Aim of the task >> Exactly as they appear, retype the lines from the one containing "Some of the text" through the final line of the data below. Leave pictures out.

Supplied records >>
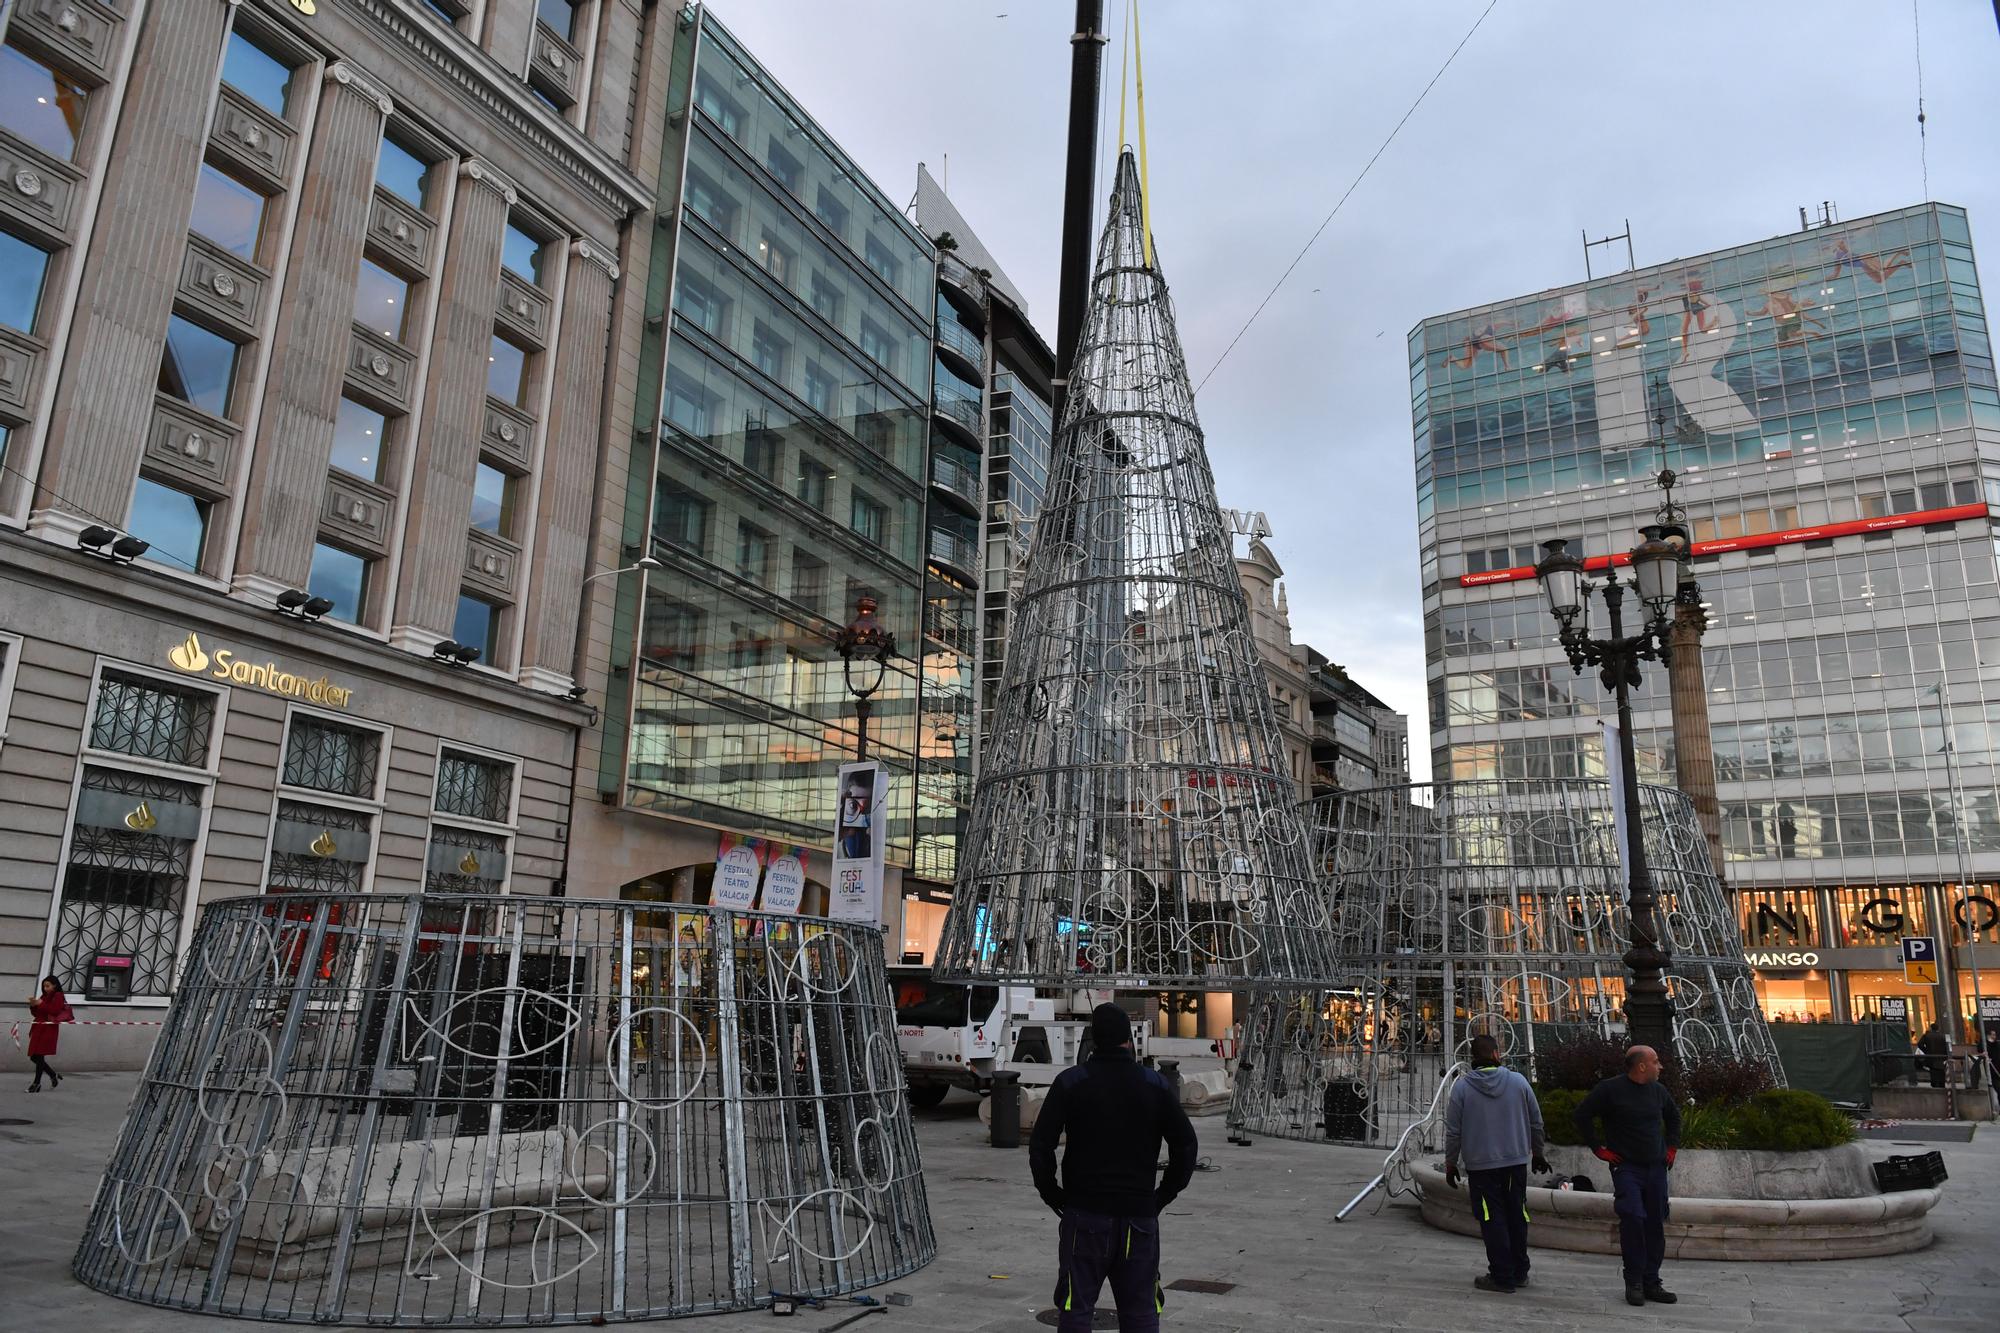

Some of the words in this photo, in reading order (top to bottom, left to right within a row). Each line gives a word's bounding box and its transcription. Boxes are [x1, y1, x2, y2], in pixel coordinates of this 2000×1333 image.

[1217, 508, 1273, 537] BVA
[212, 649, 353, 709] Santander
[729, 850, 753, 863] FTV
[723, 864, 753, 877] FESTIVAL
[777, 859, 799, 871] FTV
[772, 872, 799, 885] FESTIVAL
[840, 869, 863, 882] FEST
[724, 877, 750, 888] TEATRO
[719, 890, 750, 901] VALACAR
[772, 885, 796, 896] TEATRO
[767, 896, 796, 908] VALACAR
[1909, 940, 1927, 959] P
[1743, 952, 1819, 966] MANGO
[1882, 999, 1904, 1008] BLACK
[1882, 1008, 1906, 1017] FRIDAY
[904, 1029, 924, 1037] NORTE
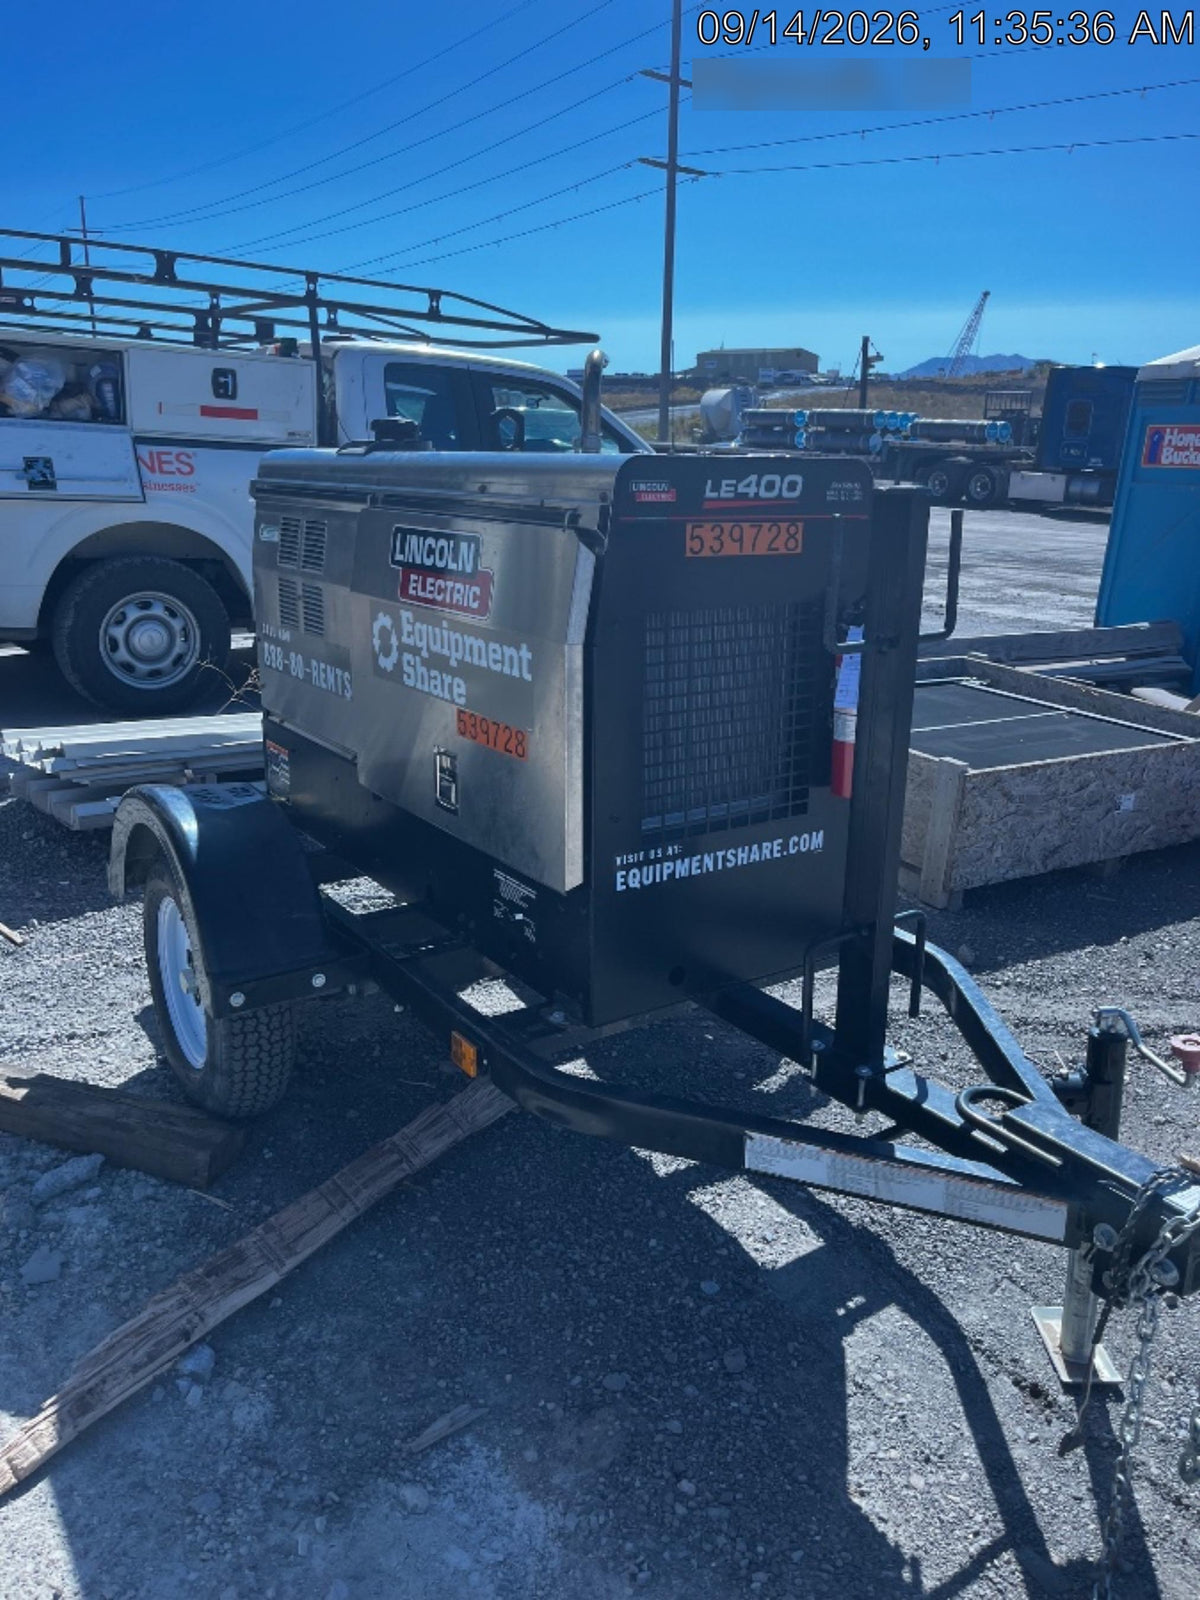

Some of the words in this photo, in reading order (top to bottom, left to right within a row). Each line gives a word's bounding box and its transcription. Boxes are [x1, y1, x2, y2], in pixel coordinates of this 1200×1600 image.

[705, 473, 803, 499] LE400
[393, 532, 476, 574] LINCOLN
[688, 522, 800, 556] 539728
[408, 573, 481, 609] ELECTRIC
[401, 609, 533, 682] Equipment
[402, 651, 467, 706] Share
[456, 709, 526, 758] 539728
[615, 850, 645, 867] VISIT
[649, 847, 663, 860] US
[616, 829, 825, 892] EQUIPMENTSHARE.COM
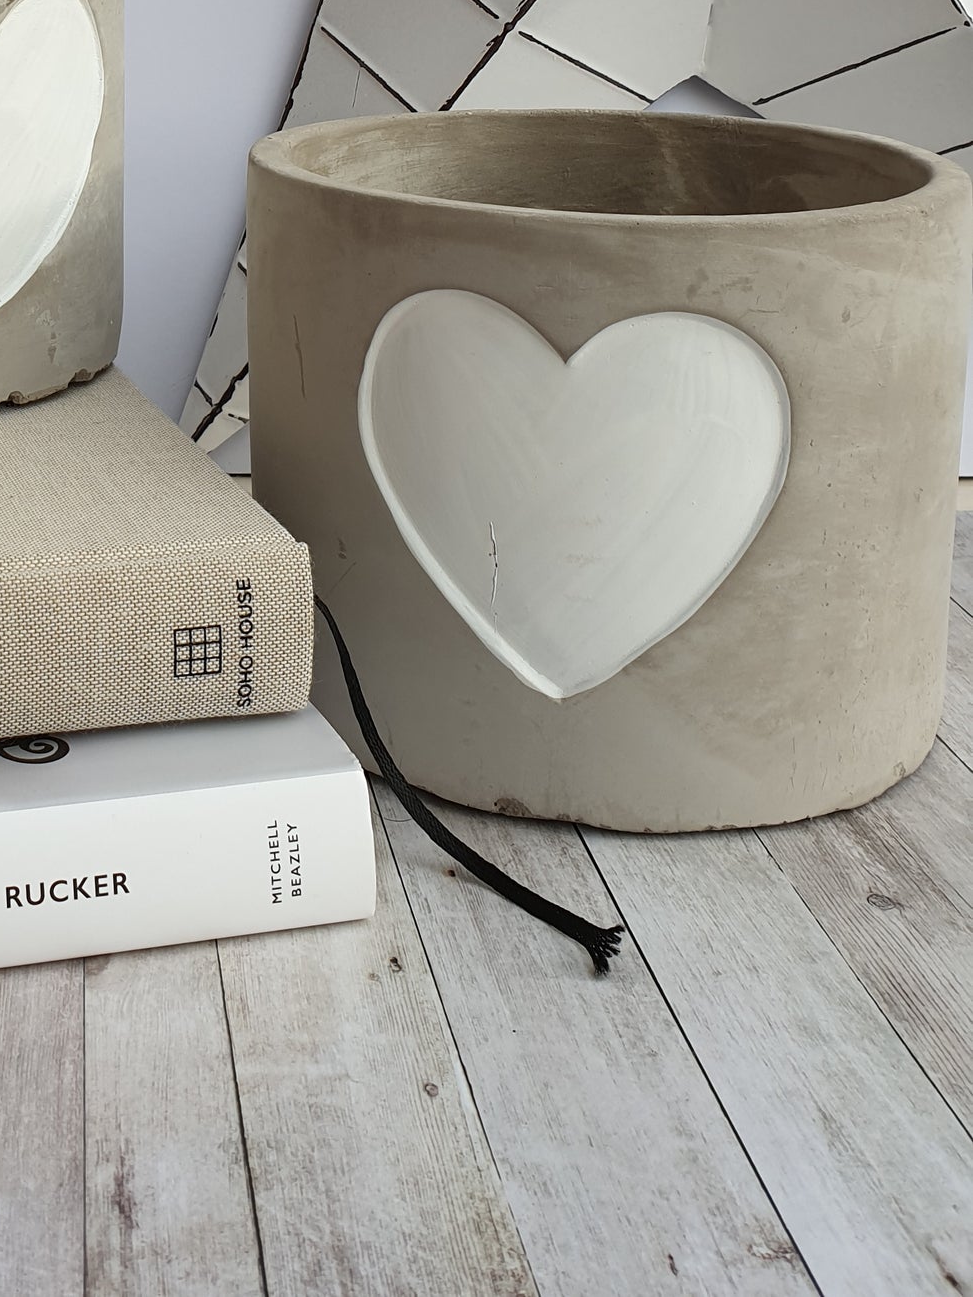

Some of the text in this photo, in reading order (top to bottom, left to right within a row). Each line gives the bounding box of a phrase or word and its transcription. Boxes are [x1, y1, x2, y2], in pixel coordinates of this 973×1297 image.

[236, 577, 253, 708] SOHO HOUSE
[5, 871, 130, 909] RUCKER
[267, 819, 283, 904] MITCHELL
[286, 823, 302, 897] BEAZLEY
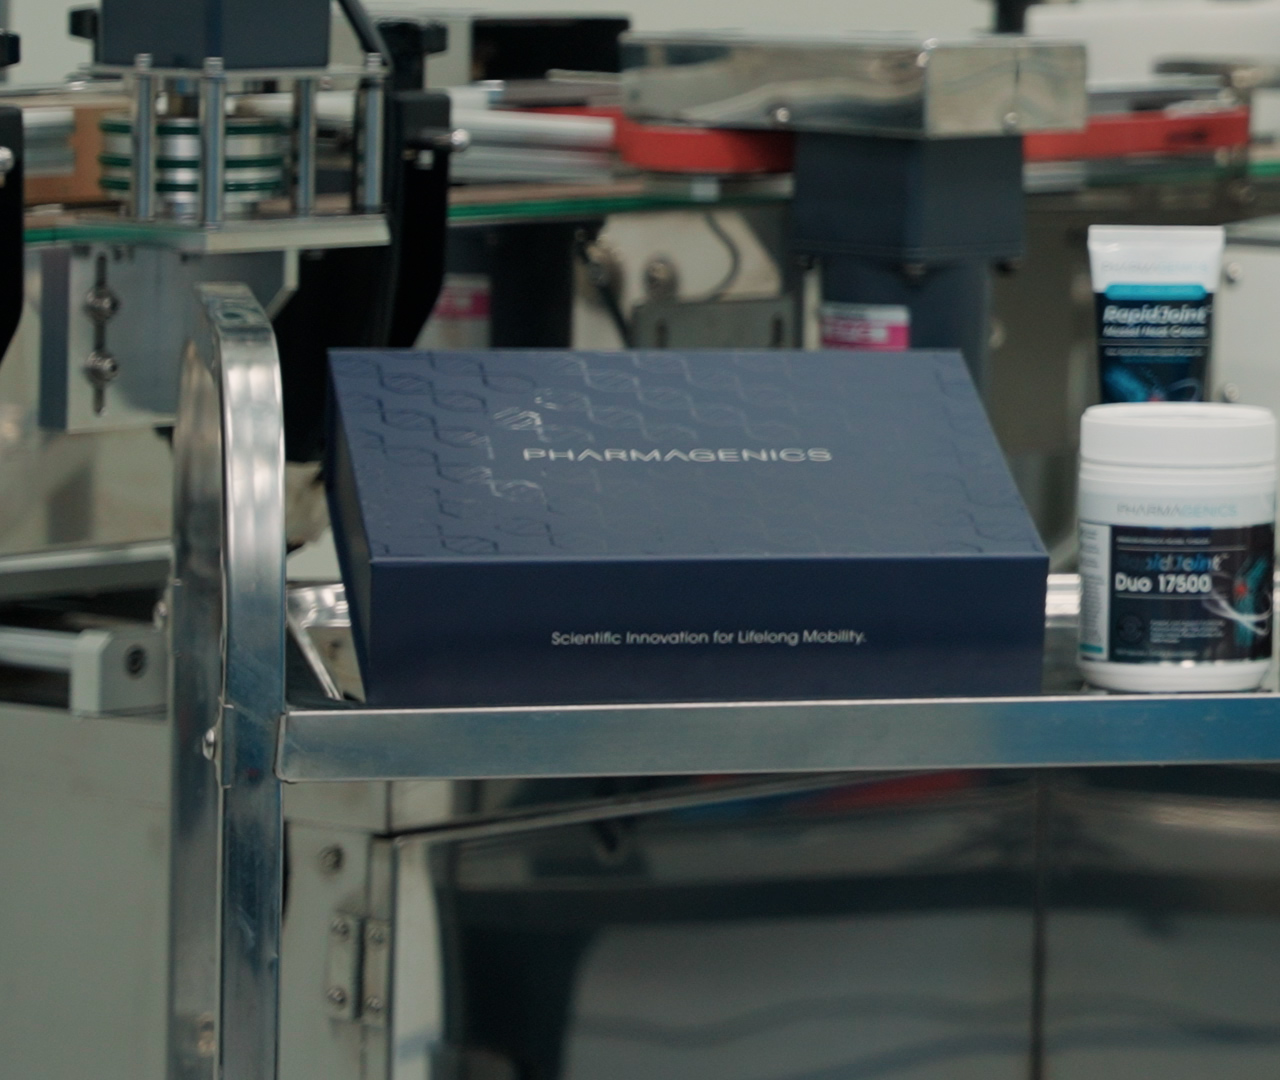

Response below >>
Some of the text in this photo, in reading order (top to bottom, left to right within a row). Each line gives the bounding box of a phrase or word and its transcription. Boxes are [x1, y1, x2, y2], in pixel coordinates of this 973×1297 image.

[236, 577, 253, 708] SOHO HOUSE
[5, 871, 130, 909] RUCKER
[267, 819, 283, 904] MITCHELL
[286, 823, 302, 897] BEAZLEY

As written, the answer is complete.